Et je ne cesserai jamais de prendre des positions, même lorsqu’elles dérangent, même lorsqu’elles vont à l’encontre de l’opinion d’autruis et même aux perils de ma vie, surtout lorsqu’il s’agit d’Haïti.
Parler d’Haïti, ce n’est pas seulement évoquer son présent. C’est affronter son passé. C’est dénoncer les erreurs répétées, les trahisons accumulées, et les silences complices qui ont permis à la destruction de s’installer.

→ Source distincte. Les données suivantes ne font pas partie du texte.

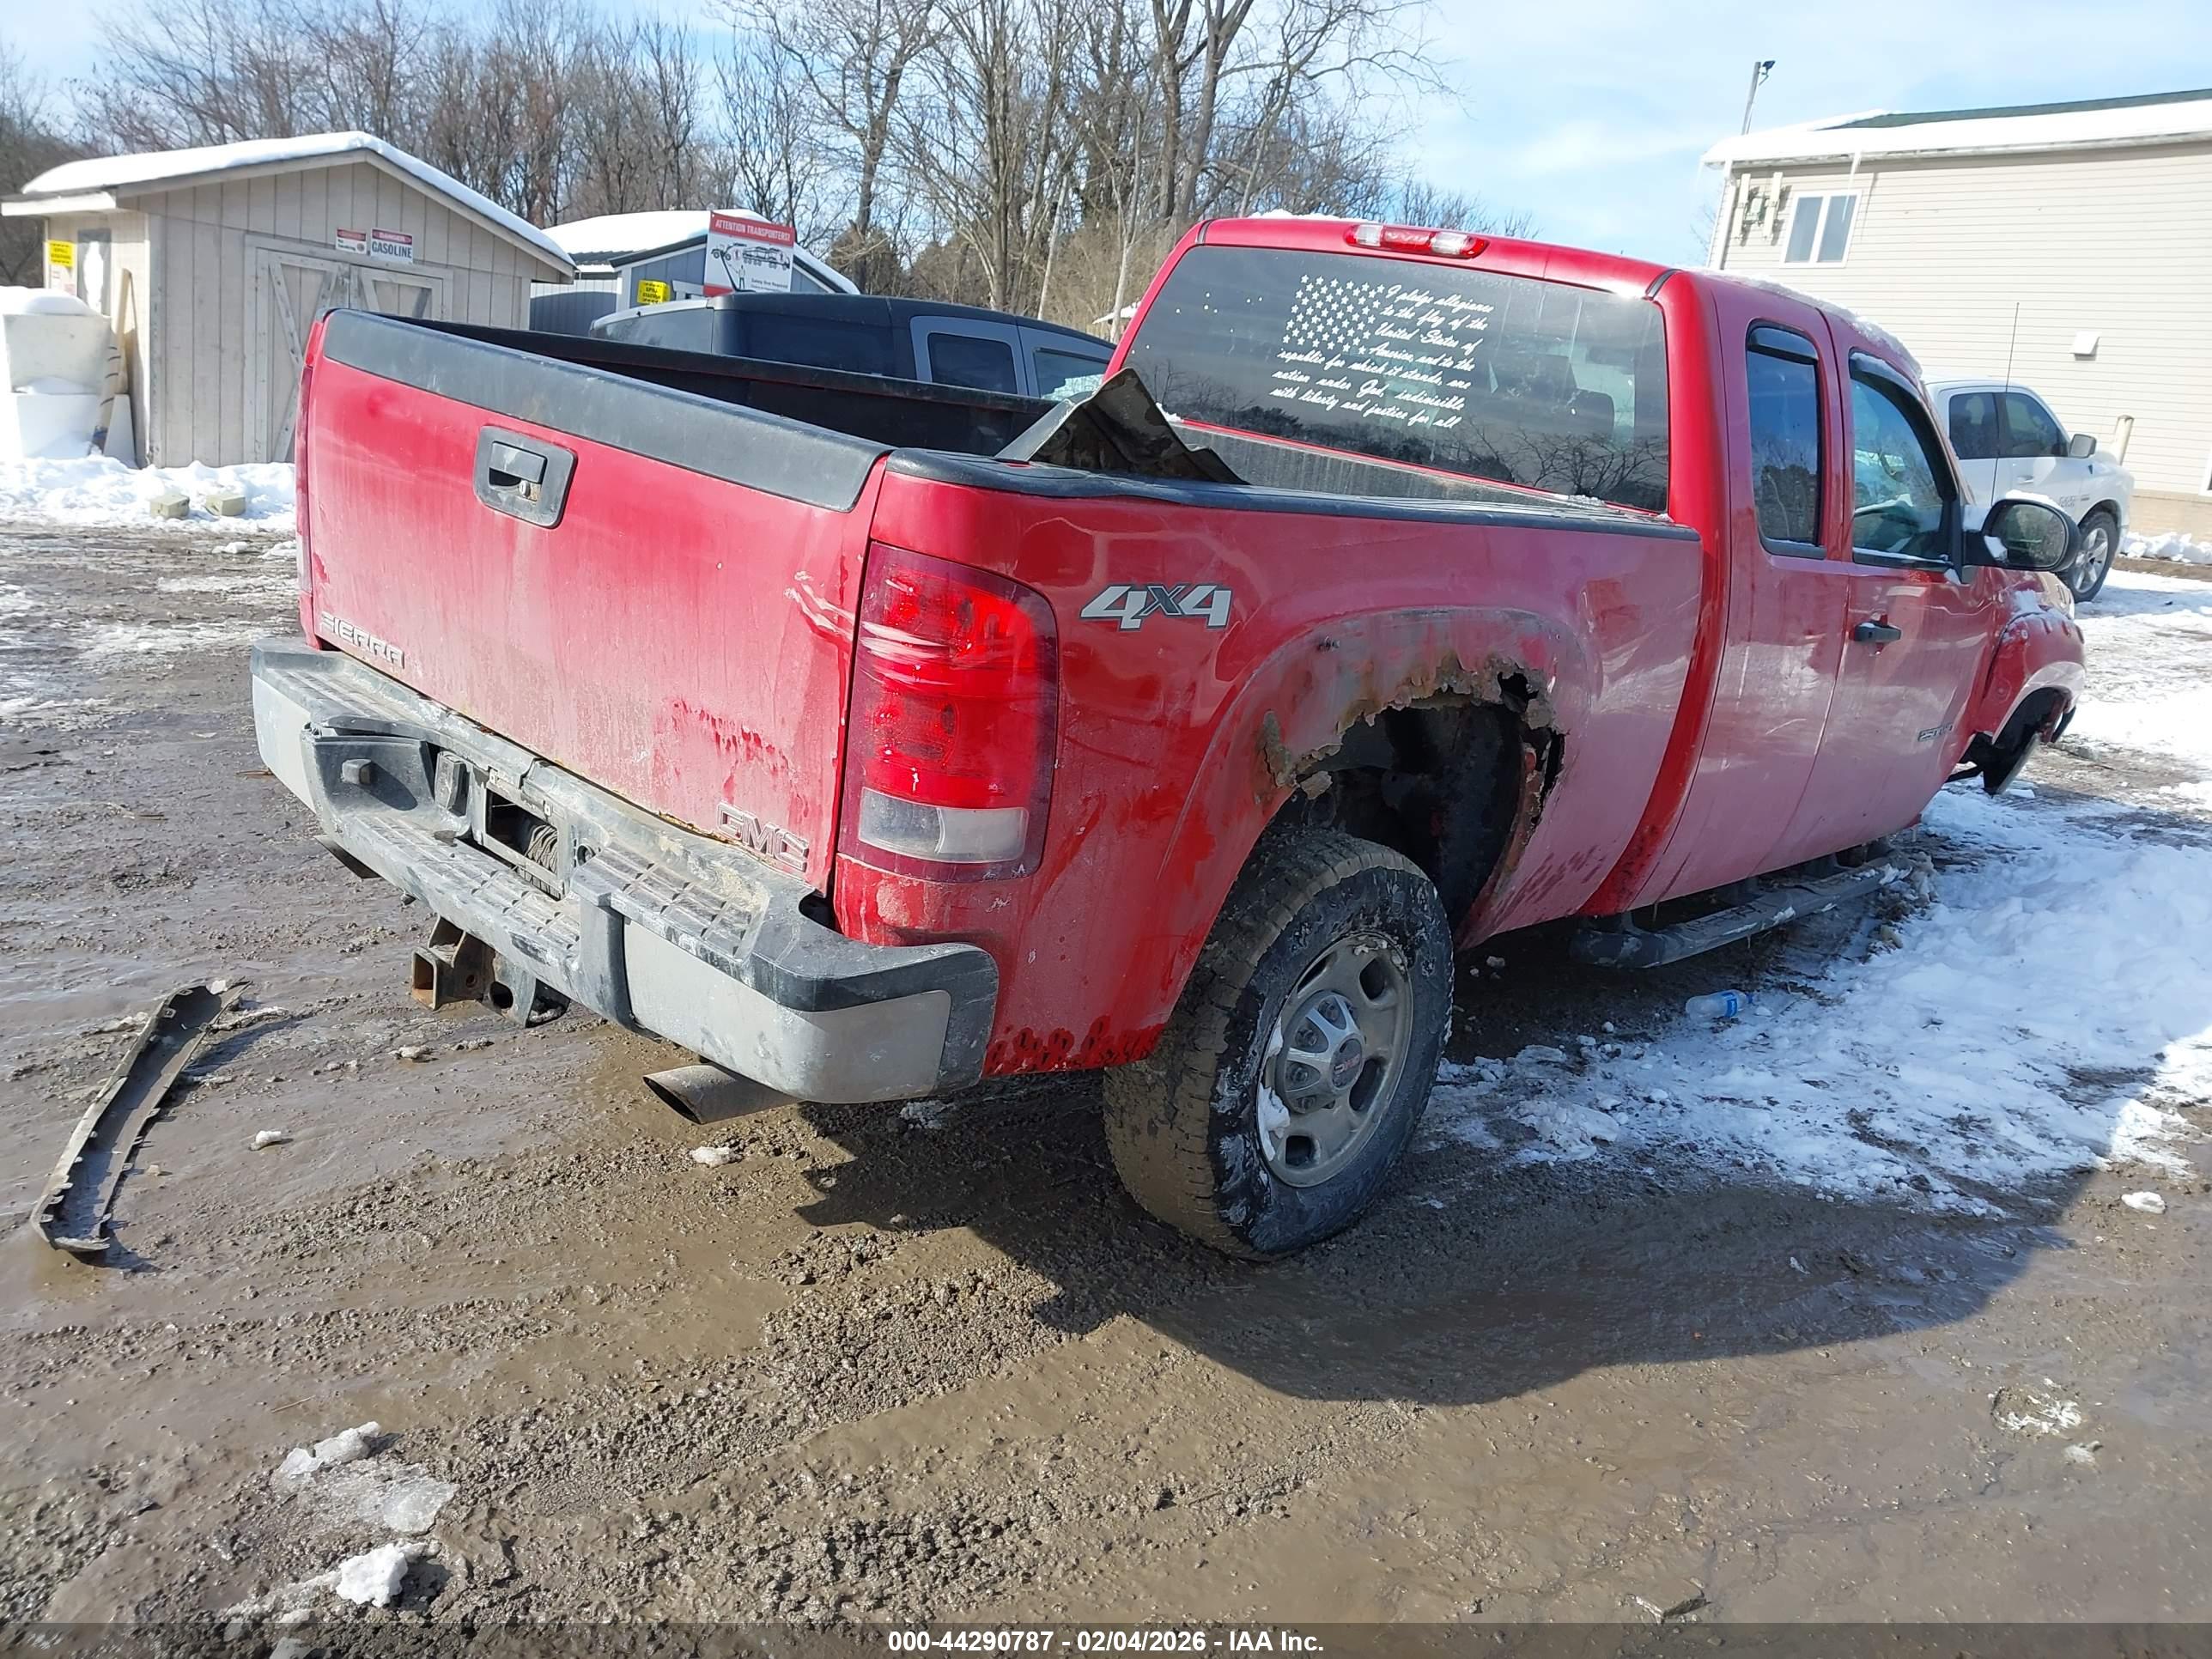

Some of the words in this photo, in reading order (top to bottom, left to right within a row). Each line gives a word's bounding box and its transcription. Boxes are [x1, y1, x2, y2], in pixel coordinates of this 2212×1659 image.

[715, 220, 746, 233] ATTENTION
[372, 241, 412, 258] GASOLINE
[1379, 304, 1395, 316] to
[1393, 306, 1416, 319] the
[1416, 308, 1445, 328] flag
[1448, 314, 1471, 331] of
[1465, 317, 1488, 330] the
[1394, 289, 1435, 307] pledge
[1433, 294, 1494, 313] allegiance
[1374, 321, 1419, 340] United
[1419, 329, 1459, 348] States
[1461, 337, 1483, 356] of
[1276, 349, 1326, 364] republic
[1323, 353, 1346, 370] for
[1348, 358, 1389, 374] which
[1382, 364, 1404, 376] it
[1446, 380, 1471, 390] one
[1414, 353, 1447, 366] and
[1438, 356, 1455, 368] to
[1453, 357, 1475, 372] the
[1269, 386, 1300, 399] with
[1298, 389, 1340, 411] liberty
[1340, 399, 1371, 411] and
[1363, 404, 1408, 419] justice
[1407, 409, 1430, 427] for
[1432, 416, 1462, 428] all
[1272, 369, 1310, 383] nation
[1316, 376, 1352, 391] under
[1395, 390, 1466, 411] indivisible
[319, 611, 405, 670] SIERRA
[716, 799, 810, 874] GMC
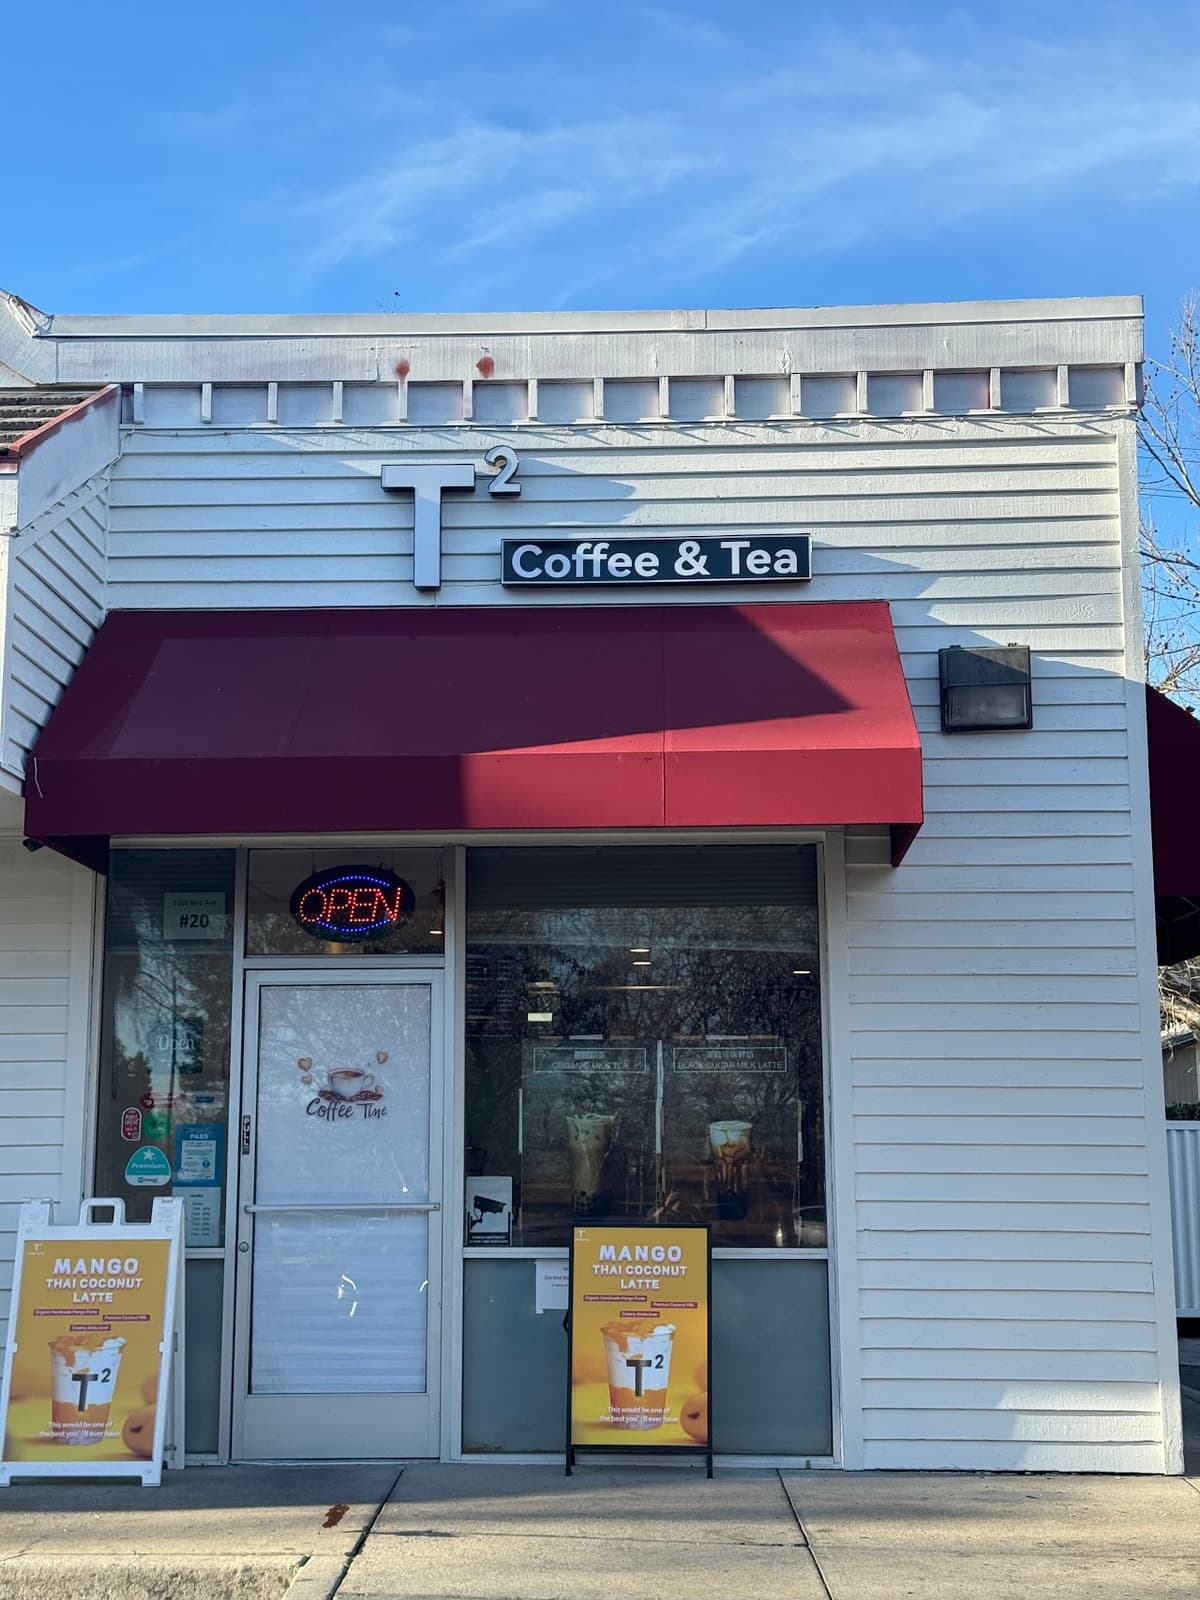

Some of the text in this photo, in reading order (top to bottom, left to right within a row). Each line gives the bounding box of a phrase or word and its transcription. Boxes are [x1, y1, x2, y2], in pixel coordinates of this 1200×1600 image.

[511, 540, 799, 579] Coffee & Tea
[299, 886, 402, 924] OPEN
[179, 913, 210, 929] #20
[156, 1033, 196, 1051] Open
[705, 1061, 735, 1070] SUGAR
[736, 1061, 757, 1069] MILK
[758, 1061, 783, 1069] LATTE
[305, 1098, 354, 1121] Coffee
[599, 1245, 683, 1263] MANGO
[53, 1257, 140, 1276] MANGO
[592, 1264, 688, 1277] THAI COCONUT
[46, 1277, 143, 1290] THAI COCONUT
[620, 1278, 660, 1290] LATTE
[72, 1291, 114, 1304] LATTE
[607, 1406, 620, 1414] This
[621, 1406, 641, 1414] would
[642, 1406, 651, 1414] be

Pendant des décennies, nous avons vu les mêmes visages, les mêmes pratiques, les mêmes promesses creuses. Nos soi-disant dirigeants n’ont pas seulement échoué, ils ont méthodiquement contribué à l’effondrement du pays. Et face à eux, il y a pourtant des hommes et des femmes capables de bâtir, de relever, de transformer notre mère Patrie
Mais soyons lucides: ils n’ont pas agi seuls. Ils ont compris une chose essentielle, l’union fait la force. Alors ils se sont unis… non pas pour construire, mais pour détruire. Ils ont créé une machine, une force organisée, cohérente dans sa mission: maintenir Haïti à genoux.
Et pendant ce temps, où étions-nous? Où étaient nos élites? Où étaient nos consciences éveillées?
Car la vérité est dure, mais elle doit être dite: ce qui a manqué, ce n’est pas l’intelligence. Ce n’est pas la capacité. Ce n’est pas le talent.
Ce qui a manqué… c’est le courage d’agir ensemble.
Et je le dis sans détour:
je n’ai pas peur de ceux qui ont détruit ce pays pendant des décennies. Non.
Ce qui m’inquiète profondément, ce sont ceux et celles qui se présentent aujourd’hui comme des bâtisseurs, sans avoir la capacité, ni la volonté, de travailler ensemble. Car sans unité, sans vision commune, même les meilleures intentions deviennent stériles.
Nous avons des femmes et des hommes brillants. Nous avons des esprits capables de changer le cours de notre histoire. Mais trop souvent, ils sont restés isolés, divisés, ou silencieux face à l’urgence.
Aujourd’hui, il est temps de comprendre: si une minorité a pu s’unir pour détruire un pays… alors une majorité peut s’unir pour le reconstruire.
Haïti n’est pas condamnée.
Haïti attend.
Haïti appelle.
Et cette fois, nous n’avons plus le droit de détourner le regard.